Notoriously aromatic and intense, Cume do Avia’s Caíño Longo is grown on a mix of granite, schist and slate soils, and it’s a lightning bolt of freshness with an atomic level of expansive energy. In its youth, it bursts with a broad, mouthwatering spectrum of piercing lines, sharp angles, seductive curves and concentrated energy. (These descriptors may seem indulgent, but this wine is like a high-grade stimulant for the nose and mouth.)
The first time I tasted Cume do Avia’s Caiño Longo (the 2017 version) from a restored chestnut barrel over a hundred years old was hair-raising and somehow an illusory experience, despite being one of the most vivid moments of my entire wine career. Instantly smitten by its flamboyantly profound beauty and depth, I asked if it was made from old vines and was surprised when I was told that they were planted only a decade earlier. Its sappy palate and lengthy finish is deceptive and easy to associate with a wine rendered from ancient vines whose experience and energy is spared for fewer but more concentrated grapes.
Uniquely balanced, this wine is yin and yang, deafening noise and silence, virgin and sometimes pornographic. What Didier Dageneau pioneered with Loire Valley Sauvignon Blanc in the 90s, Cume do Avia’s Caíño Longo may be a torchbearer of red wine extremity with the potential for supreme balance.
The “by the book” enology university professors would likely denounce this wine, whose lab numbers (see further below) read more like a white wine from a cold climate and burn it at the stake. However, the makers don’t have some sort of pretentious agenda here; they’re simply embracing a sort of beautiful extreme, a discovery of the unadulterated nature of a unique grape with a distinguished personality. Like all the indigenous grapes of the Ribeiro that have nearly lost their historic reference, the crew at Cume do Avia wants to be led by the terroir each varietal is grown in rather than attempting to force square pegs into round holes.
One intention with their red wines is to entice their local market of white wine and beer drinkers who remain loyal to their refreshing drinks most of the year (even when it’s frigid and wet) and may scoff at the suggestion of moving on to a red wine later in the evening. In the process, they’ve discovered a range of wines that are exuberant, generous and joyful, with ceaseless energy and that express unique regional complexities. Caíño Longo is the brightest light, and once the cork is pulled every bit of this wine’s octane keeps you on the edge of your seat until after the last sip.

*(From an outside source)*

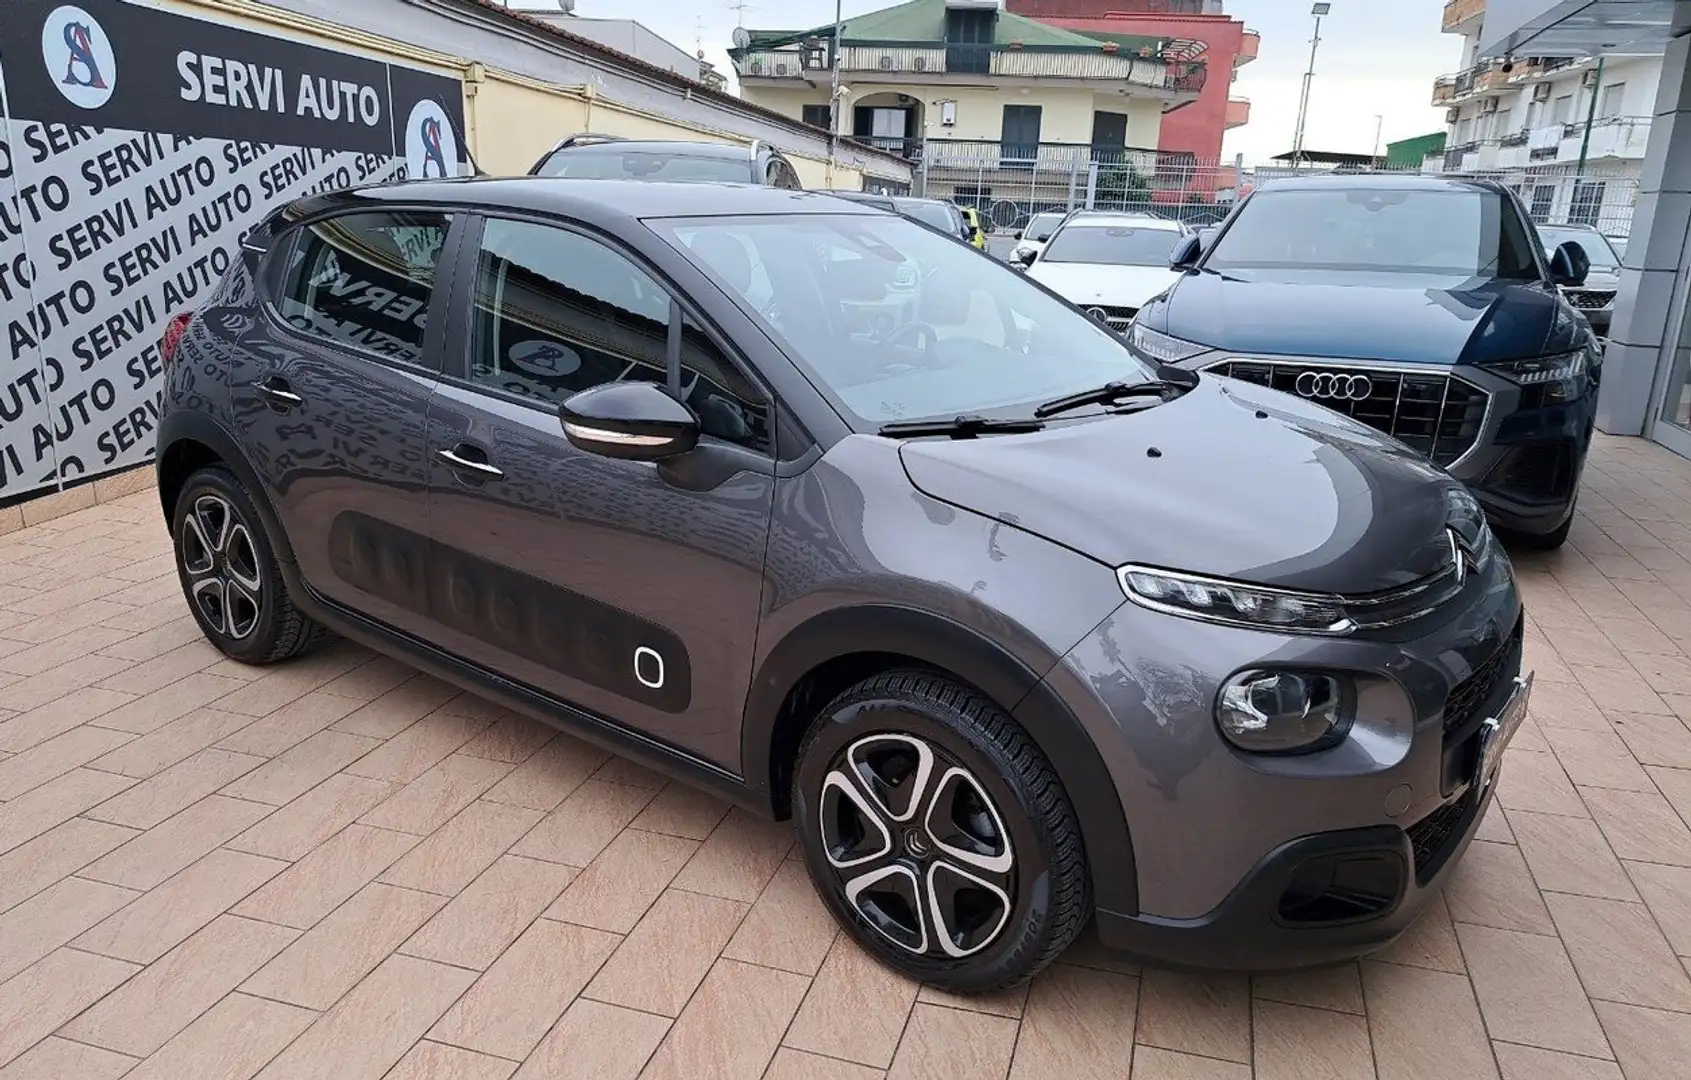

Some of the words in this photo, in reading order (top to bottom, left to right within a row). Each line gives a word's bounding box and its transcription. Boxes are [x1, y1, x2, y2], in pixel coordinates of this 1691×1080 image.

According to Diego, Caíño Longo is one of four different Caíño grapes grown in Galicia. Caíño da Terra and Caíño Redondo are more commonly found in Rías Biaxas and are very similar to Caiño Longo, but have a tendency toward slightly more balsamic notes within the fruit character, whereas youthful Caíño Longo is red fruit all day long. The fourth genetically related Caíño is not known by this name, but under another grape name, which I have yet to find. Diego described Caíño Longo as, “the best agronomical variety. It can reach an exceptional quality and maintains high acidity and great phenolic maturation with quantity.” This grape is also known by many other names in Portugal, but one of the most common is Borraçal.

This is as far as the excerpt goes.